Apparently I'm dense...
I can well imagine a therapist getting sick and tired of listening to his patients whine after the election about their candidate losing and coming up with a way to differientiate the PESTs from the real patients. It seems that such angst would be pretty superficial at best since voters tend to care about who's President every four years or so. Today's BEst of the Web has more on the story, including a quote from one of the patients of the doctor who coined the phrase:
"I was so invested emotionally, watching the debates, and was very disturbed whenever I heard a Marine has been killed. I thought Bush's actions were war crimes. But I'm sleeping again since the therapy and have felt better ever since. I don't know what will happen now, but I'm going to take it day by day and see what happens." - Karen I-Don't-Want-To-Give-My-Last-Name, Boca Raton, Fl.

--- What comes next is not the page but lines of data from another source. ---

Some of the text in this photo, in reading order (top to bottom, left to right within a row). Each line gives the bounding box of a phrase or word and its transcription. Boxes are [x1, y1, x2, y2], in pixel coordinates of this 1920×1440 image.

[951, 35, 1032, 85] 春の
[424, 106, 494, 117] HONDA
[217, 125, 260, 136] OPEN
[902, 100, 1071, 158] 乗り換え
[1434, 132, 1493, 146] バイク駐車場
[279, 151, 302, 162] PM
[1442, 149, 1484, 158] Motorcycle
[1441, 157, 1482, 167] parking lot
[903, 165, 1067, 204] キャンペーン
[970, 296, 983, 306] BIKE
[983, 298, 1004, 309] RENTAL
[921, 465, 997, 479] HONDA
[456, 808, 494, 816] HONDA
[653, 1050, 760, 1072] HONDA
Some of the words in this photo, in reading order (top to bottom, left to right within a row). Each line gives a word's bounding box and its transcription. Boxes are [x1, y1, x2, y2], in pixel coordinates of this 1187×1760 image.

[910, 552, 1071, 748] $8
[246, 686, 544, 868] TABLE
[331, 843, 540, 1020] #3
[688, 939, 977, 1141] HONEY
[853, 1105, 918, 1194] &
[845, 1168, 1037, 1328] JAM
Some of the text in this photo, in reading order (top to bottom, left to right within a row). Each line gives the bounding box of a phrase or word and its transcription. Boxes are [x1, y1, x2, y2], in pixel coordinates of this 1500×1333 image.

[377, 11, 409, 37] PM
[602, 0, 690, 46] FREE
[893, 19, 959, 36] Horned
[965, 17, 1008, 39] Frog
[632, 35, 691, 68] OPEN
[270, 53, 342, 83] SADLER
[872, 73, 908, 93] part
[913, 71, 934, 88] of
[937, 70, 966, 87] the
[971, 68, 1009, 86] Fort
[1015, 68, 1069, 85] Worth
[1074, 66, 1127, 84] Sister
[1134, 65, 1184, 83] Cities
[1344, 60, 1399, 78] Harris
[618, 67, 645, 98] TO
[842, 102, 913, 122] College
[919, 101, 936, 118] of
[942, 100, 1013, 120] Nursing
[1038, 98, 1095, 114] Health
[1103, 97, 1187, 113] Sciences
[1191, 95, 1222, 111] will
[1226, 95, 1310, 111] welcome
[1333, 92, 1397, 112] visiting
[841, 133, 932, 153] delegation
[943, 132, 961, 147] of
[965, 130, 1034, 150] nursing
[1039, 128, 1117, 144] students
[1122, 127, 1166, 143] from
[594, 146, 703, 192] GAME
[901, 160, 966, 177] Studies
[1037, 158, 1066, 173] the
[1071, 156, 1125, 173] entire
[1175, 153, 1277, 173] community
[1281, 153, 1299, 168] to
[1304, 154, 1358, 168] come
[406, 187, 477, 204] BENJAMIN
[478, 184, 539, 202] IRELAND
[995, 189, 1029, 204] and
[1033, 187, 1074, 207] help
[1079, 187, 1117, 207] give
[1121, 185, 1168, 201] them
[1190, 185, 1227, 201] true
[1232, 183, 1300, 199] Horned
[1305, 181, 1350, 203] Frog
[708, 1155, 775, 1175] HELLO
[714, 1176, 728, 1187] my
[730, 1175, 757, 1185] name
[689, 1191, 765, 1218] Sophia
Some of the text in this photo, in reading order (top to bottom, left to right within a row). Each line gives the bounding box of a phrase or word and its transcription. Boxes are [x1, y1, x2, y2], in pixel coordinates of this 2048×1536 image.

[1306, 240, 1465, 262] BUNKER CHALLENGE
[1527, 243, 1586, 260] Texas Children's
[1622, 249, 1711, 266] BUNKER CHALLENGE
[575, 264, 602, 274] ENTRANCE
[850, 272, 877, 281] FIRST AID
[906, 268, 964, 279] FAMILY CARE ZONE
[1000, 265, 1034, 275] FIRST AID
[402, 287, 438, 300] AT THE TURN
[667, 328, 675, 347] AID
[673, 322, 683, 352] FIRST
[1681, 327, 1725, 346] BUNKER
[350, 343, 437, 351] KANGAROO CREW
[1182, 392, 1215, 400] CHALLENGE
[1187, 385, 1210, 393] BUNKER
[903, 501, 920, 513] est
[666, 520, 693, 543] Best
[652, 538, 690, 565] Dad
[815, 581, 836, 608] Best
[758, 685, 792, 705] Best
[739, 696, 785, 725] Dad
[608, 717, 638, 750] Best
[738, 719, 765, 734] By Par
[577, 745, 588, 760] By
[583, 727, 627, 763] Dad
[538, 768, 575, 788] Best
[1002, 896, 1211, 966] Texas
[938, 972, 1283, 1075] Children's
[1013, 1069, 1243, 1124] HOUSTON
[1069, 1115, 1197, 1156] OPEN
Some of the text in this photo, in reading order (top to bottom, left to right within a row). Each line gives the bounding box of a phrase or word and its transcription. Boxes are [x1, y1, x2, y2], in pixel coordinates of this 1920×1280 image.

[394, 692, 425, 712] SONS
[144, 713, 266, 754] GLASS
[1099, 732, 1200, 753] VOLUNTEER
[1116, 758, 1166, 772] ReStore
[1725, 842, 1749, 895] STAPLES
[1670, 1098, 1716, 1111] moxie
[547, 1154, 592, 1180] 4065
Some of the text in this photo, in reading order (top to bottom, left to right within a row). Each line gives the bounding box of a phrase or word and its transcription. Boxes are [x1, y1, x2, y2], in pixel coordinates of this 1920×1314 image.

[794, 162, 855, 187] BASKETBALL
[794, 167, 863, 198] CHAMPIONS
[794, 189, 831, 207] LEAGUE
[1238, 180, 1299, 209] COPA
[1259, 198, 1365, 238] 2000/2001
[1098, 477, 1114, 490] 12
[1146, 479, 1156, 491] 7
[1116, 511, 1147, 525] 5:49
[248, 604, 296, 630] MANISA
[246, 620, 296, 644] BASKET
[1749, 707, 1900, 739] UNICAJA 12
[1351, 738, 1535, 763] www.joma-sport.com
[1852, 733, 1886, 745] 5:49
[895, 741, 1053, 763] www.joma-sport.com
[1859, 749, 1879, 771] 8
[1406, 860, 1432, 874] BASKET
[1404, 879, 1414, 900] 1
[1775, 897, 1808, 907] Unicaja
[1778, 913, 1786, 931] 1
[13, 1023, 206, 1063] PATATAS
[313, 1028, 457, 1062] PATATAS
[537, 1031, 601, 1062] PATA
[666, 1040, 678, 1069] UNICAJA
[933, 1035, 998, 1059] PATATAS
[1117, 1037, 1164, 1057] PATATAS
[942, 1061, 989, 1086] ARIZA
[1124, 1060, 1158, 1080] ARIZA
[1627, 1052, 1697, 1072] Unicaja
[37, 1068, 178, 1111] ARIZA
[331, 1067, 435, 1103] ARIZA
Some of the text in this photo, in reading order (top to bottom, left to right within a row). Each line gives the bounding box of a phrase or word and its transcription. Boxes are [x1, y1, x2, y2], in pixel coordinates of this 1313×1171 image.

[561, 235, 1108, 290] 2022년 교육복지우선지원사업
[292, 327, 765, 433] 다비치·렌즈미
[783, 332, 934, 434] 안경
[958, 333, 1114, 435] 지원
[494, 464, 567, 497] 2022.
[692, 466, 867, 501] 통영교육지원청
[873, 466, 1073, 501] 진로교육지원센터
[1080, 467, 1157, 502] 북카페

How easy would it be for a trained hypnotherapist to plant a few suggestions that Karen's life isn't really going to go in the shitter because of who the President is? Wouldn't calming her inner "fury" be a pretty simple matter of post-hypnotically suggesting that she simply go on with her life and try to do the best she can to promote her own interests? All hypnosis does is ease the transition from where a patient is to where the patient wants to go. Especially considering this was done in one session, I think this was one therapist's internal joke that went off the reservation when one of the PESTs sent this tidbit to the newspaper.
I like the idea of calling those who can't help but wail and shriek and moan about how their cushy upper-middle-class lives are going to end because Bush got elected and they don't have the support or gumption to secede and Canade won't let them defect PESTs. That will be my new word-of-choice.